Ainsi, en dehors de l’indication d’une urgence, retarder un traitement rénal substitutif dans ce contexte clinique n’aurait pas d’impact sur la mortalité à 28 jours, n’augmenterait pas les effets indésirables liée à celle-ci et ne réduirait pas le nombre de jours sans traitement rénal substitutif. 

Pourquoi ces résultats sont intéressants ?

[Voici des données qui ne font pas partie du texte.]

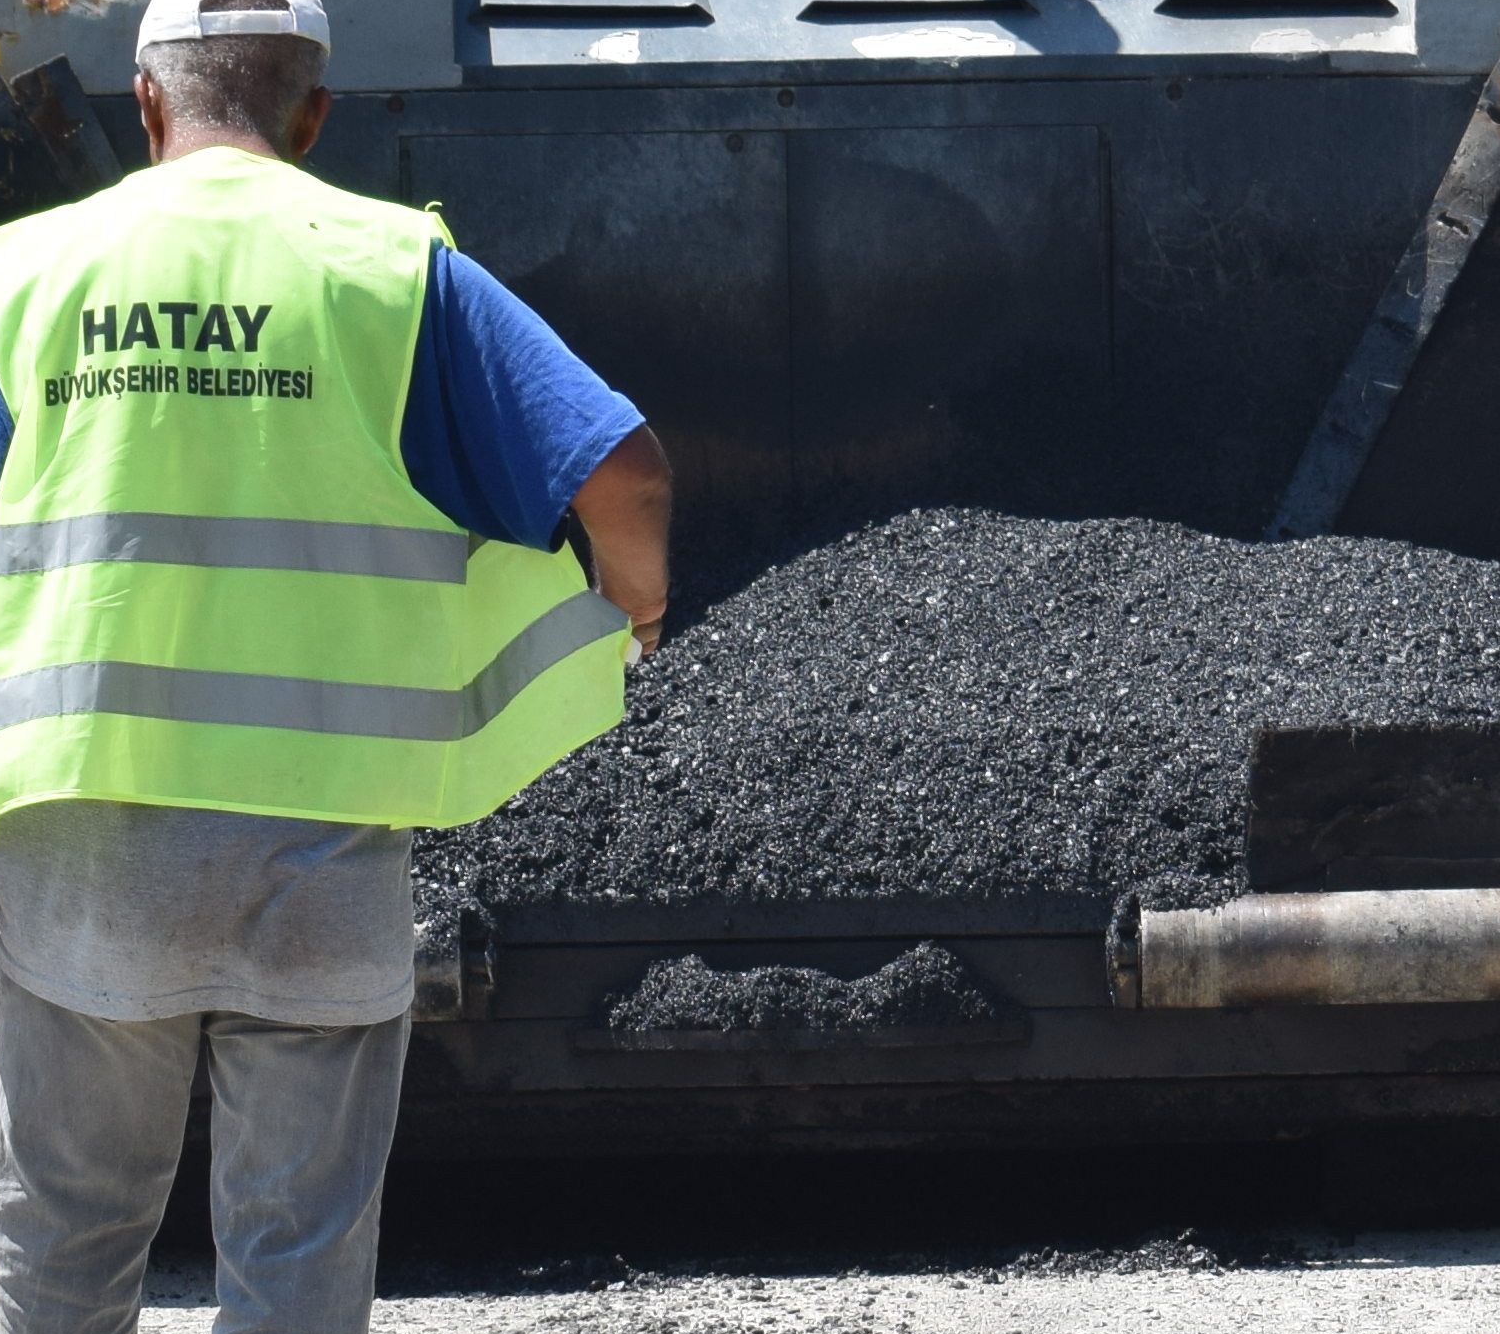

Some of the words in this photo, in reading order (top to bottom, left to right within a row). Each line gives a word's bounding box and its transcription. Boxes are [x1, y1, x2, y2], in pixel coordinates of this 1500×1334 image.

[82, 301, 273, 356] HATAY
[44, 358, 180, 407] BÜYÜKŞEHİR
[186, 361, 314, 400] BELEDİYESİ

Si l’initiation d’une thérapie rénale substitutive peut permettre un meilleur contrôle des anomalies métaboliques ainsi que certaines complications elles-mêmes associées à un risque de mortalité plus important, elles peuvent aussi exposer à des complications iatrogènes non négligeables (hypotension, saignements, risque infectieux, hypothermie…). Cette méta-analyse présente l’intérêt d’avoir traité des informations au niveau individuel et d’avoir inclus des essais récents et pertinentes. Cette étude apporte ainsi des éléments de réponse dans le débat controversé du délai de mise en route d’une substitution de la fonction rénale dans un contexte d’insuffisance rénale aiguë. 

Méthodologie

Une revue systématique de la littérature et une méta-analyse ont été menées à partir des études publiées entre le 1eravril 2008 et le 20 décembre 2019 et ayant comparé une stratégie de substitution précoce ou tardive de la fonction rénale chez des adultes souffrant d’insuffisance rénale aiguë sans complication engageant le pronostic vital. L’insuffisance rénale aiguë était définie par un grade 2 ou 3 selon KDIGO (Kidney Diseases Improving Global Outcomes), ou par un score SOFA (Sequential Organ Faillure Assessment) de 3 ou plus lorsque le grade KDIGO n’était pas disponible. Les données individuelles des patients ont été demandées aux investigateurs des différents essais afin d’exclure ceux qui ne présentaient pas une insuffisance rénale aiguë ou qui n’avaient pas été randomisés.

Principaux résultats

Sur les 1.031 études identifiées, 10 ont été jugées pertinentes pour les analyses. Les données individuelles de 2.083 patients (9 études) parmi lesquels 1.879 patients avaient une insuffisance rénale aiguë et avaient été randomisés entre une thérapie rénale substitutive précoce (n=42%) et une thérapie rénale substitutive tardive (n=946).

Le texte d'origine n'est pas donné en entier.